In today’s iDevBlogADay article I’ll explain how I was able to cut down memory usage by about 25-30 MB (down to 90-95 MB, ie fixing memory warning related crashes) as well as reducing the size of the app bundle from around 25 MB to below 20 MB (which would have been more awesome if Apple hadn’t already increased the over-the-air download limit from 20 MB to 50 MB some time ago).

I’ll also explain how to animate the loading screen while you’re loading resource files, and I’ll add some best practices and common wisdom too.

What’s using 90% of the memory?

Take a guess.

In almost all cases, it’s textures that consume most of the app’s memory. So textures is where you look to optimize first and foremost if you’re having memory warning troubles.

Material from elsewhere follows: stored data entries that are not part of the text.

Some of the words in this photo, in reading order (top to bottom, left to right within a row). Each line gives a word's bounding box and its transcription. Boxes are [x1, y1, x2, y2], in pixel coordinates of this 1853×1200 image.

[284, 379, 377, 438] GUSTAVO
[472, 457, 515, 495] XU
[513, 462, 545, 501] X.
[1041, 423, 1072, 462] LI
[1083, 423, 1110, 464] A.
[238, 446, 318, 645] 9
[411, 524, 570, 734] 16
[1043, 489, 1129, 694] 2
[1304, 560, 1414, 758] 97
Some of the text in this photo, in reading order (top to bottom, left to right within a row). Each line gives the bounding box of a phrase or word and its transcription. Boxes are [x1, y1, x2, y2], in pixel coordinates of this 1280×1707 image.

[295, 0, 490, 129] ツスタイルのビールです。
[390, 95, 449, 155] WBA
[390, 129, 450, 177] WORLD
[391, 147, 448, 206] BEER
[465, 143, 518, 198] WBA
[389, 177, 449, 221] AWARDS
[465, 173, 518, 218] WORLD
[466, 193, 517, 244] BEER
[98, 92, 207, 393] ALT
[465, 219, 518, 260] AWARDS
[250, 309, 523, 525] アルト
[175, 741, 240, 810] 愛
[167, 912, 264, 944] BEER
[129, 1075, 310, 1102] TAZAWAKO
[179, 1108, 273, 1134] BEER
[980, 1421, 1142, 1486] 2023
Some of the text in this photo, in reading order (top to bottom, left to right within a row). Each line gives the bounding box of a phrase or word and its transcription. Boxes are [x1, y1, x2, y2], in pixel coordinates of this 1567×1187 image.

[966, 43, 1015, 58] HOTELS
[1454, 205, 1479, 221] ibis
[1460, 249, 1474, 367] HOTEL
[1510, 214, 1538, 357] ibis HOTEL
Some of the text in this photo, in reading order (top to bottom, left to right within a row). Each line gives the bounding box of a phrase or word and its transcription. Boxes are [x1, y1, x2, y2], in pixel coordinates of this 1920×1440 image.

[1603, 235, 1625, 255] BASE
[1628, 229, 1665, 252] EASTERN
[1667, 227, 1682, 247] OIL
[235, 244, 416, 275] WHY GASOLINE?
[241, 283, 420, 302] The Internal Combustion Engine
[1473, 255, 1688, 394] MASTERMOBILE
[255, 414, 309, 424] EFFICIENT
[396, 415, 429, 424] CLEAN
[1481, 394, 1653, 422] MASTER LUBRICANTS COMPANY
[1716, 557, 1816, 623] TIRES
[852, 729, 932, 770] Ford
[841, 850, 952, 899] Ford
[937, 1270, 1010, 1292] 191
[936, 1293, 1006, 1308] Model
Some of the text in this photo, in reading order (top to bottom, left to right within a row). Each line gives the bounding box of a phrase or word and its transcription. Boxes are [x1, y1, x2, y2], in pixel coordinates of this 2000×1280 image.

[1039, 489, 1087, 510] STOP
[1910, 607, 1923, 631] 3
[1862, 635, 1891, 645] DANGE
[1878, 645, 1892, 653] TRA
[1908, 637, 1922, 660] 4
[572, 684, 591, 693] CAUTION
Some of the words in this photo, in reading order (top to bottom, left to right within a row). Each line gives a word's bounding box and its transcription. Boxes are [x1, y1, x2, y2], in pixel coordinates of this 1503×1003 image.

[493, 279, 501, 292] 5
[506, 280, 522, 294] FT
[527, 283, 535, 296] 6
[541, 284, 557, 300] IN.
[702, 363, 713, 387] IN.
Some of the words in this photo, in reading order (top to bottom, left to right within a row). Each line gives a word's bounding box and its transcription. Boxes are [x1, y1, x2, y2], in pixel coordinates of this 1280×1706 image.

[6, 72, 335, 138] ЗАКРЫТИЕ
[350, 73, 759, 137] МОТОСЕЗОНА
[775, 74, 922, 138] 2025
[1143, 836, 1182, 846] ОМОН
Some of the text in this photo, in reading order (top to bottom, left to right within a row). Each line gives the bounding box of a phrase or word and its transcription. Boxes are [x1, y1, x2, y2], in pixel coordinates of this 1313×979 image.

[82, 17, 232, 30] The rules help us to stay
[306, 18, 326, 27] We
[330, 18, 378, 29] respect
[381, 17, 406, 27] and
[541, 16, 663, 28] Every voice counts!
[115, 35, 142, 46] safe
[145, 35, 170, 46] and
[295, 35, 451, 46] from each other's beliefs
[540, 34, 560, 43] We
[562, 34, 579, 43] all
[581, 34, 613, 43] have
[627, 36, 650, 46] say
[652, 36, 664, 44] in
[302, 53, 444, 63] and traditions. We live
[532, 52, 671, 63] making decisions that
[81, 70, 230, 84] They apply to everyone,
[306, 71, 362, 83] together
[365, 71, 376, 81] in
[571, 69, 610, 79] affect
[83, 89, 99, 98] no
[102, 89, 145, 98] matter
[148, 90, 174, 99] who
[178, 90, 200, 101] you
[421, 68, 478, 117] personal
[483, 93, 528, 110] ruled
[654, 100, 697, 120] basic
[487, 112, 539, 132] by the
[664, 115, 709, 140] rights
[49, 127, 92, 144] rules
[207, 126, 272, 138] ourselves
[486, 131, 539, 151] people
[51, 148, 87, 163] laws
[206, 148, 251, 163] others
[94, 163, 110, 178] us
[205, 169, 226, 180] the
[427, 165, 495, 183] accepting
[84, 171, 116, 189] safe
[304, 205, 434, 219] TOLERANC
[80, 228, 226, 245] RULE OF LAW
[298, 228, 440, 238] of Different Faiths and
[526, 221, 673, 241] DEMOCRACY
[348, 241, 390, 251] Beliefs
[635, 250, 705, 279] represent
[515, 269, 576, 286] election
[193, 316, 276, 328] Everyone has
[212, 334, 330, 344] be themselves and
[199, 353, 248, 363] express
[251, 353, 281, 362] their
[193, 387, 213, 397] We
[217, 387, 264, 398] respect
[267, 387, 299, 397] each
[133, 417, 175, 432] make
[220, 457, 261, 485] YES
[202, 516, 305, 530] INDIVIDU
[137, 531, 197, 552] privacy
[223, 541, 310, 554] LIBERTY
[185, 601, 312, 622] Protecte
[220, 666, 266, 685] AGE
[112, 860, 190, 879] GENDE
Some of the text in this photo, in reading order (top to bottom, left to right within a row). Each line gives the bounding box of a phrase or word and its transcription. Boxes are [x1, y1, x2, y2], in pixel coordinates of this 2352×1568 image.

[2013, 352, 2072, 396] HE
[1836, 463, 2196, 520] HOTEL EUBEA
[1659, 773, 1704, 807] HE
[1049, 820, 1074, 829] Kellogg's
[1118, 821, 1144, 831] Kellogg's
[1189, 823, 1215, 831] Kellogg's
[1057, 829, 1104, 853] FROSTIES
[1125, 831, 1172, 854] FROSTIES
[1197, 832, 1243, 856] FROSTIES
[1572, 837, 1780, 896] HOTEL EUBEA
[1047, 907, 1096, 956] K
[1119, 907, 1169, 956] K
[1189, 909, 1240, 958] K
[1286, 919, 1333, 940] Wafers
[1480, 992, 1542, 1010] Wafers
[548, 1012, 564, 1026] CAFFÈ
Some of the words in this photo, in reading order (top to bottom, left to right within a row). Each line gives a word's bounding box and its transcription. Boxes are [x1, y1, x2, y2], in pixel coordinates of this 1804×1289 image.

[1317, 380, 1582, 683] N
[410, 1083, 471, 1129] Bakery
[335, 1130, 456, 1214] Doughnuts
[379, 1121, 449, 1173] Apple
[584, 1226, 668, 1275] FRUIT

Avoid loading PNG/JPG Textures one after another

The problem with texture loading in cocos2d is that it happens in two steps: first, a UIImage is created from the image file. Then a CCTexture2D object is created from that UIImage. This means while a texture is being loaded, it will consume twice as much memory for a short time period.

The problem used to be so bad that if you loaded 4 textures one after another in the same method, at the end of the method each texture would still consume twice as much memory as it ought to, probably because of the way autorelease works.

I’m not sure if this is still the case, or whether this only applies to manual reference counting but not ARC. I made it a habit to load textures in sequence, waiting at least one frame before trying to load another. This will allow any texture loading overhead to be released from memory. Besides, as you’ll see later, if you want to load textures and other assets in the background this asset-load-sequencing is something you’ll do anyway.